### [ABOUT THIS EXERCISE]
Each record that comes next should be output exactly; pictures do not belong in the copy.

### [DATA SECTION]
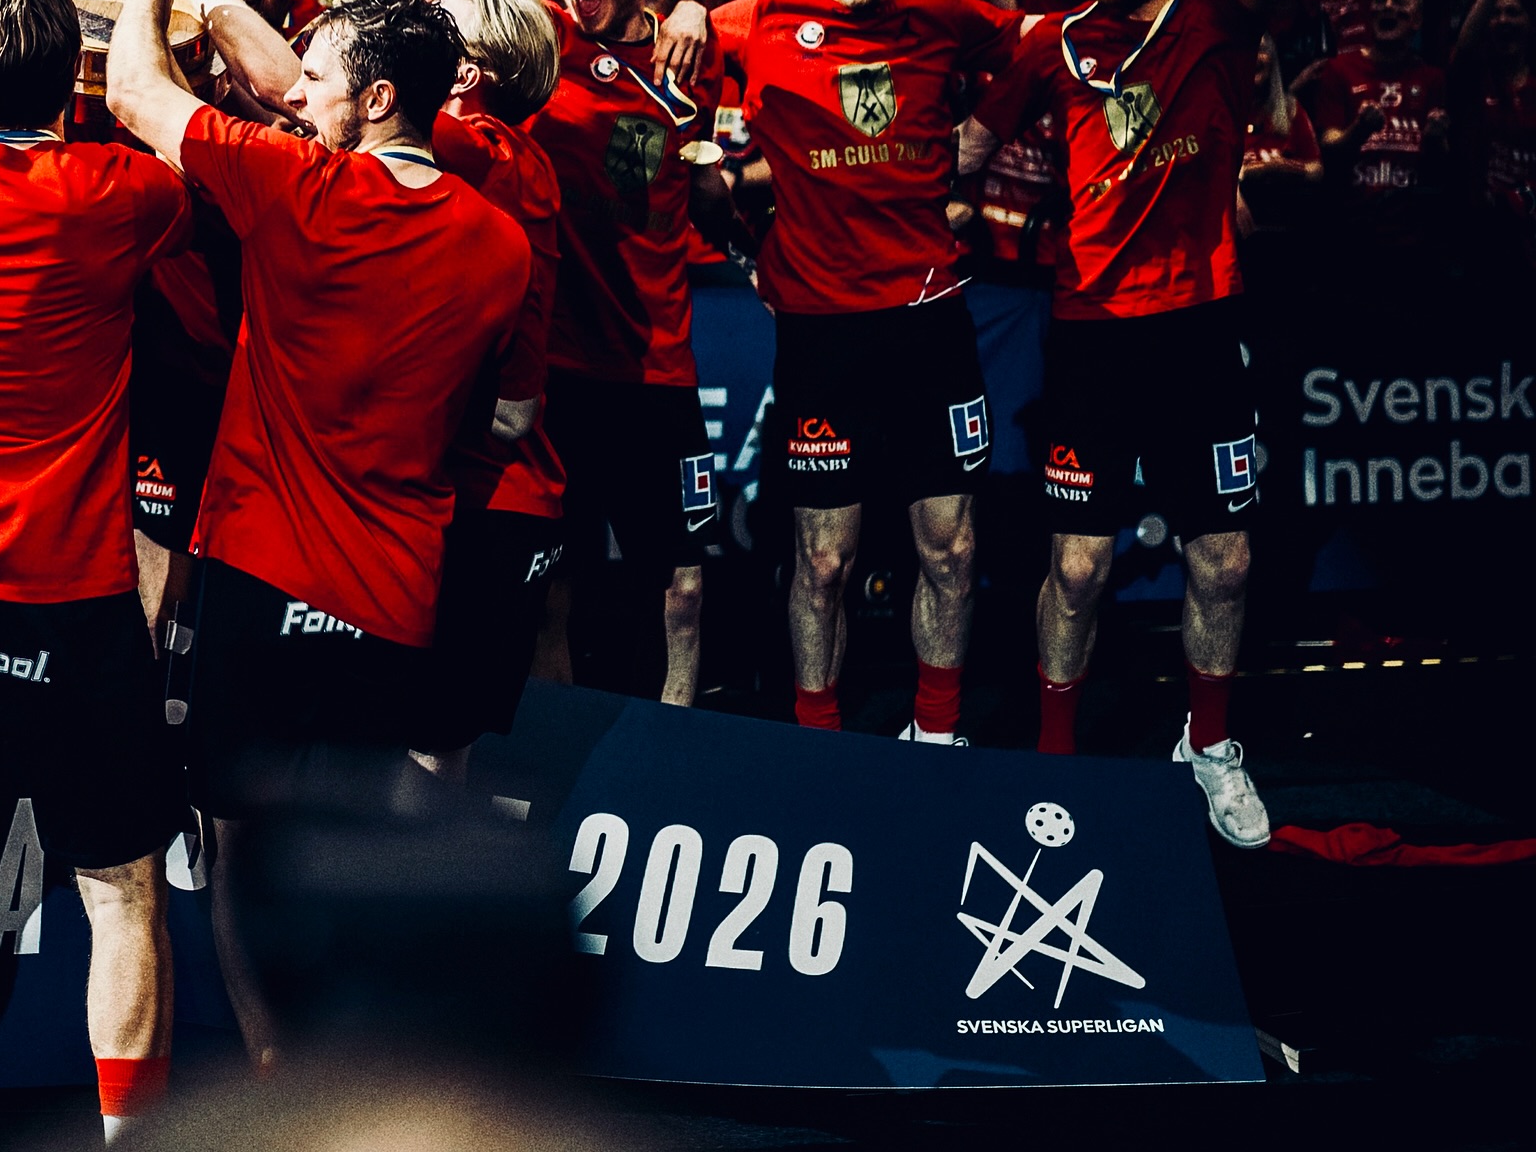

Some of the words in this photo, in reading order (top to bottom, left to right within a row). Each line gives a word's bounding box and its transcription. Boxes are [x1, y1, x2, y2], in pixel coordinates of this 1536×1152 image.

[808, 144, 890, 170] SM-GULD
[1150, 134, 1200, 168] 2026
[1301, 359, 1536, 428] Svensk
[796, 417, 837, 439] ICA
[789, 440, 848, 454] KVANTUM
[1048, 442, 1082, 469] ICA
[787, 457, 851, 472] GRÄNBY
[135, 481, 173, 497] NTUM
[567, 812, 854, 977] 2026
[956, 1019, 1044, 1034] SVENSKA
[1046, 1018, 1165, 1034] SUPERLIGAN

### [WRITTEN RESPONSE]
Some of the words in this photo, in reading order (top to bottom, left to right within a row). Each line gives a word's bounding box and its transcription. Boxes are [x1, y1, x2, y2], in pixel coordinates of this 1536×1152 image.

[808, 144, 890, 170] SM-GULD
[1150, 134, 1200, 168] 2026
[1301, 359, 1536, 428] Svensk
[796, 417, 837, 439] ICA
[789, 440, 848, 454] KVANTUM
[1048, 442, 1082, 469] ICA
[787, 457, 851, 472] GRÄNBY
[135, 481, 173, 497] NTUM
[567, 812, 854, 977] 2026
[956, 1019, 1044, 1034] SVENSKA
[1046, 1018, 1165, 1034] SUPERLIGAN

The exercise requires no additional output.